Required action. The records are to be reproduced verbatim.

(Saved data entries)
★ ★ ★

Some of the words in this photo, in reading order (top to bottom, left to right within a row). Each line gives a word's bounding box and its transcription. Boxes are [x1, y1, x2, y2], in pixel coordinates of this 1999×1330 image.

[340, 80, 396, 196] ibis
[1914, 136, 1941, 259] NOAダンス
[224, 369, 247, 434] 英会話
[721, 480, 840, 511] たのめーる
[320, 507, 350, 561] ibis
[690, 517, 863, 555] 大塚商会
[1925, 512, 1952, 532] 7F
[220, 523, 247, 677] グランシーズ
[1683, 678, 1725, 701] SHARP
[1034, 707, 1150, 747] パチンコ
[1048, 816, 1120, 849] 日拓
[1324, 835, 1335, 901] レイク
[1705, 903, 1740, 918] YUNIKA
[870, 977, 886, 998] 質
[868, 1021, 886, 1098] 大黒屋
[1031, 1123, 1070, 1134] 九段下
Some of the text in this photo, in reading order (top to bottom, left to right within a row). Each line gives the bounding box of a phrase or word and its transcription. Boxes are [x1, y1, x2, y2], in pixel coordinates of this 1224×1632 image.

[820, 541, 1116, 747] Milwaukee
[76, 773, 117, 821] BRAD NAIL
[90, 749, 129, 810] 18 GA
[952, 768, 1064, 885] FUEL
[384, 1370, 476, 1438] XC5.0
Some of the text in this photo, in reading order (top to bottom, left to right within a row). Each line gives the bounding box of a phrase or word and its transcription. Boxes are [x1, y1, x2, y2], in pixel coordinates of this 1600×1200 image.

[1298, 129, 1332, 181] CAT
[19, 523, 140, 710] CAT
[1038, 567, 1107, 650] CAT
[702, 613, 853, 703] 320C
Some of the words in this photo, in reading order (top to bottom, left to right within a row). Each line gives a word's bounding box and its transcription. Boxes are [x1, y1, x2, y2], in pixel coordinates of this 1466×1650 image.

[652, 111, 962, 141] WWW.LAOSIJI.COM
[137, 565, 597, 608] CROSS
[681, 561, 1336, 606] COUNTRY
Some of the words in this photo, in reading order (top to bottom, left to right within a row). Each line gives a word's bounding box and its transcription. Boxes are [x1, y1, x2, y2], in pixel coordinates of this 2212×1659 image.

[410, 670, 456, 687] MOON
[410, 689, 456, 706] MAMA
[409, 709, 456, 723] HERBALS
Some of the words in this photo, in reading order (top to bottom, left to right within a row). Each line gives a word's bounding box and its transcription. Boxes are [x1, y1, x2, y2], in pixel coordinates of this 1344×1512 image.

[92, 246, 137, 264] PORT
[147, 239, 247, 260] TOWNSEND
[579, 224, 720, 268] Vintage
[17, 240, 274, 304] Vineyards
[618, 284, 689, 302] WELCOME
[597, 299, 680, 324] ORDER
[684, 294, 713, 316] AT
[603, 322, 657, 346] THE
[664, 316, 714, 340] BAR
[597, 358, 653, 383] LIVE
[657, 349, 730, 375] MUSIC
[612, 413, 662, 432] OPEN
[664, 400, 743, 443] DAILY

★ ★ ★

Reply.
Some of the words in this photo, in reading order (top to bottom, left to right within a row). Each line gives a word's bounding box and its transcription. Boxes are [x1, y1, x2, y2], in pixel coordinates of this 1999×1330 image.

[340, 80, 396, 196] ibis
[1914, 136, 1941, 259] NOAダンス
[224, 369, 247, 434] 英会話
[721, 480, 840, 511] たのめーる
[320, 507, 350, 561] ibis
[690, 517, 863, 555] 大塚商会
[1925, 512, 1952, 532] 7F
[220, 523, 247, 677] グランシーズ
[1683, 678, 1725, 701] SHARP
[1034, 707, 1150, 747] パチンコ
[1048, 816, 1120, 849] 日拓
[1324, 835, 1335, 901] レイク
[1705, 903, 1740, 918] YUNIKA
[870, 977, 886, 998] 質
[868, 1021, 886, 1098] 大黒屋
[1031, 1123, 1070, 1134] 九段下
Some of the text in this photo, in reading order (top to bottom, left to right within a row). Each line gives the bounding box of a phrase or word and its transcription. Boxes are [x1, y1, x2, y2], in pixel coordinates of this 1224×1632 image.

[820, 541, 1116, 747] Milwaukee
[76, 773, 117, 821] BRAD NAIL
[90, 749, 129, 810] 18 GA
[952, 768, 1064, 885] FUEL
[384, 1370, 476, 1438] XC5.0
Some of the text in this photo, in reading order (top to bottom, left to right within a row). Each line gives the bounding box of a phrase or word and its transcription. Boxes are [x1, y1, x2, y2], in pixel coordinates of this 1600×1200 image.

[1298, 129, 1332, 181] CAT
[19, 523, 140, 710] CAT
[1038, 567, 1107, 650] CAT
[702, 613, 853, 703] 320C
Some of the words in this photo, in reading order (top to bottom, left to right within a row). Each line gives a word's bounding box and its transcription. Boxes are [x1, y1, x2, y2], in pixel coordinates of this 1466×1650 image.

[652, 111, 962, 141] WWW.LAOSIJI.COM
[137, 565, 597, 608] CROSS
[681, 561, 1336, 606] COUNTRY
Some of the words in this photo, in reading order (top to bottom, left to right within a row). Each line gives a word's bounding box and its transcription. Boxes are [x1, y1, x2, y2], in pixel coordinates of this 2212×1659 image.

[410, 670, 456, 687] MOON
[410, 689, 456, 706] MAMA
[409, 709, 456, 723] HERBALS
Some of the words in this photo, in reading order (top to bottom, left to right within a row). Each line gives a word's bounding box and its transcription. Boxes are [x1, y1, x2, y2], in pixel coordinates of this 1344×1512 image.

[92, 246, 137, 264] PORT
[147, 239, 247, 260] TOWNSEND
[579, 224, 720, 268] Vintage
[17, 240, 274, 304] Vineyards
[618, 284, 689, 302] WELCOME
[597, 299, 680, 324] ORDER
[684, 294, 713, 316] AT
[603, 322, 657, 346] THE
[664, 316, 714, 340] BAR
[597, 358, 653, 383] LIVE
[657, 349, 730, 375] MUSIC
[612, 413, 662, 432] OPEN
[664, 400, 743, 443] DAILY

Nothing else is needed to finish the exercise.